• [What the exercise asks]
Transcribe each line of the material as it is, and drop any picture.

• [Data section]
────────

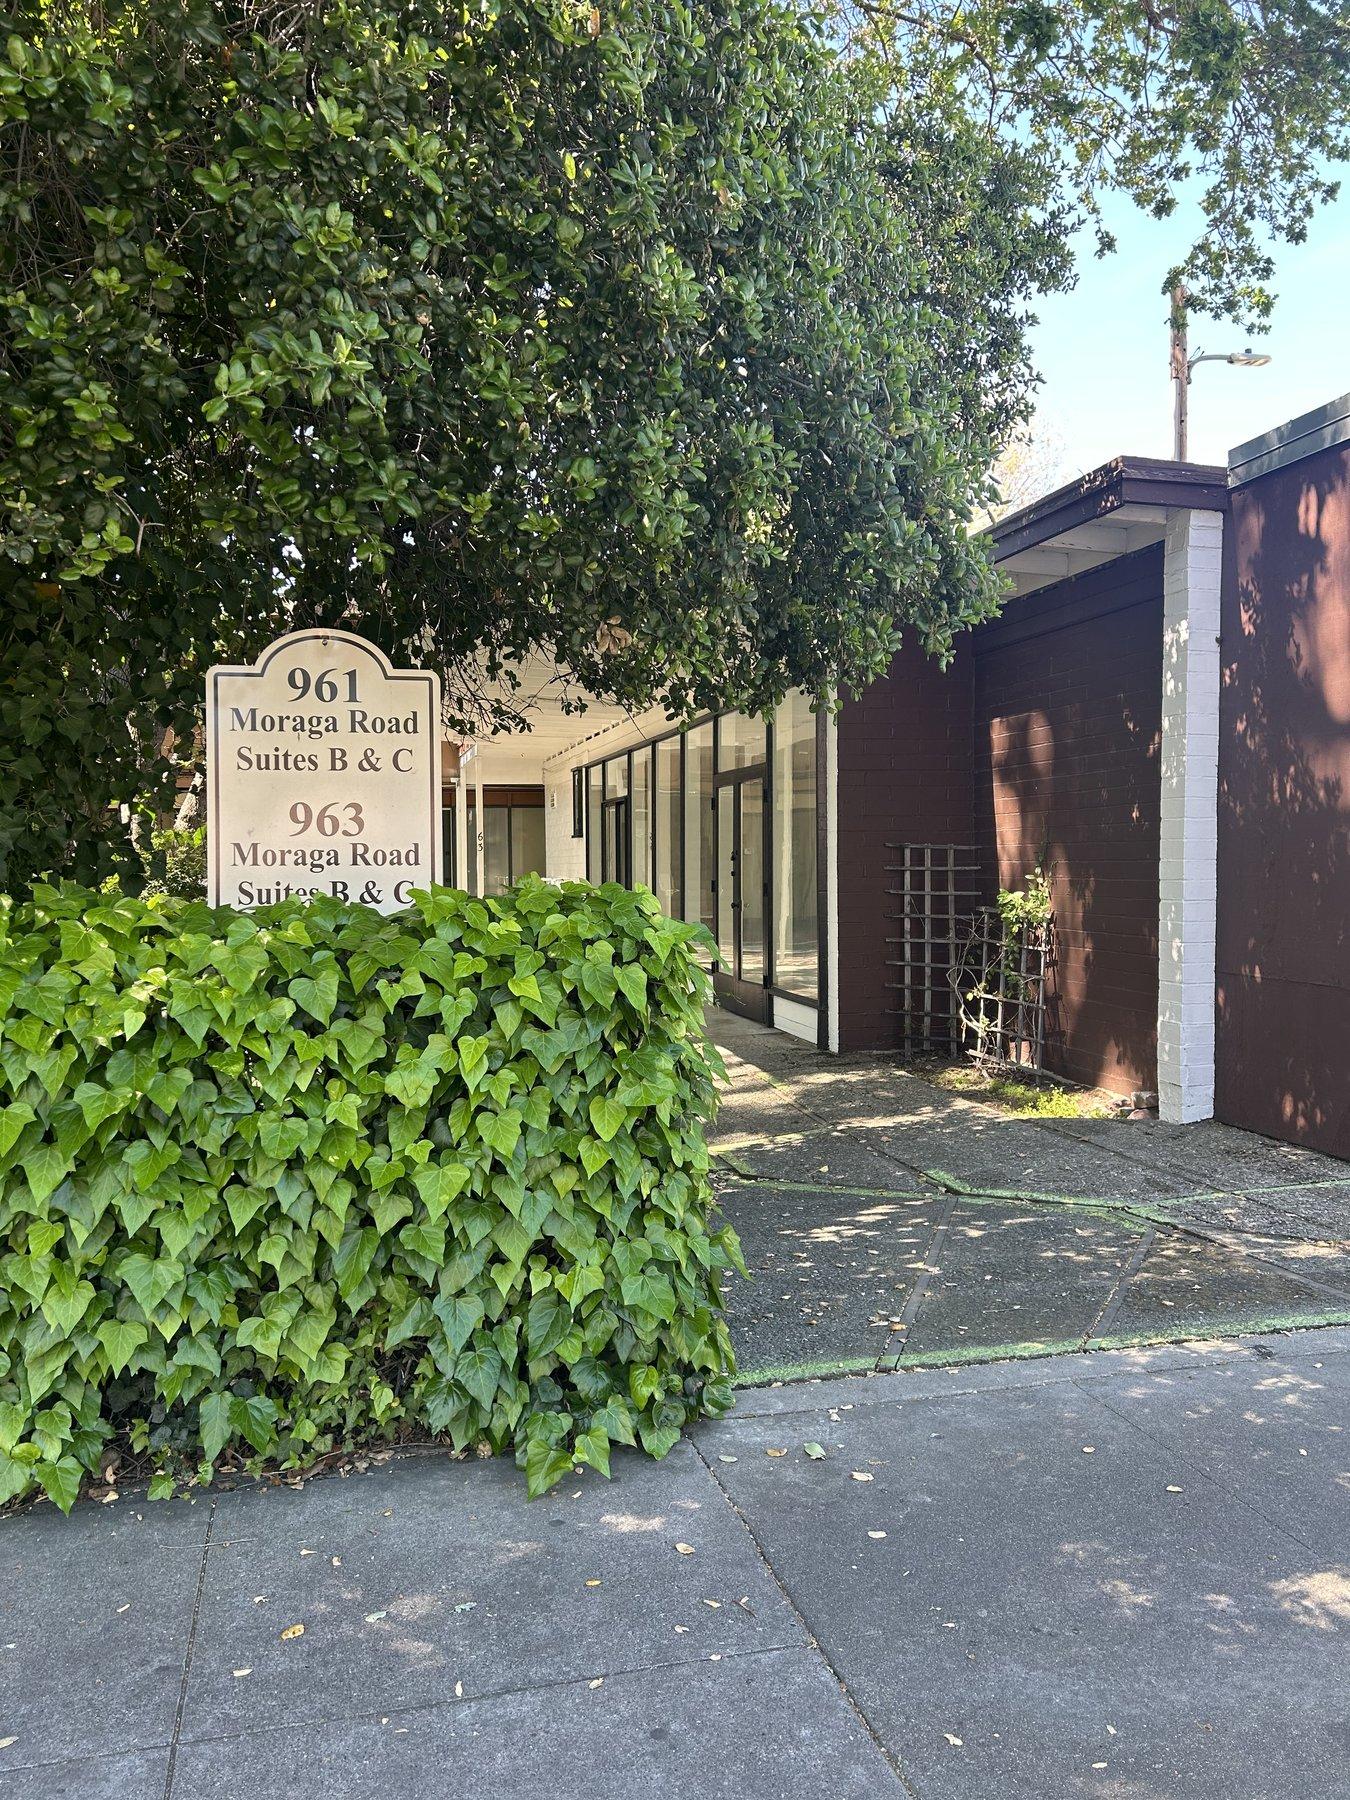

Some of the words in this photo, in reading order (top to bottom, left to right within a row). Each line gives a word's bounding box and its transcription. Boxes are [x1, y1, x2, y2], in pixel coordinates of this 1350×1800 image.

[287, 667, 362, 703] 961
[230, 707, 339, 740] Moraga
[348, 709, 419, 735] Road
[236, 746, 319, 772] Suites
[328, 747, 348, 772] B
[358, 747, 383, 773] &
[392, 748, 413, 773] C
[289, 802, 365, 837] 963
[230, 842, 340, 874] Moraga
[350, 842, 421, 867] Road
[329, 880, 349, 904] B
[359, 880, 383, 904] &
[393, 880, 415, 904] C

────────

• [Answer to this exercise]
Some of the words in this photo, in reading order (top to bottom, left to right within a row). Each line gives a word's bounding box and its transcription. Boxes are [x1, y1, x2, y2], in pixel coordinates of this 1350×1800 image.

[287, 667, 362, 703] 961
[230, 707, 339, 740] Moraga
[348, 709, 419, 735] Road
[236, 746, 319, 772] Suites
[328, 747, 348, 772] B
[358, 747, 383, 773] &
[392, 748, 413, 773] C
[289, 802, 365, 837] 963
[230, 842, 340, 874] Moraga
[350, 842, 421, 867] Road
[329, 880, 349, 904] B
[359, 880, 383, 904] &
[393, 880, 415, 904] C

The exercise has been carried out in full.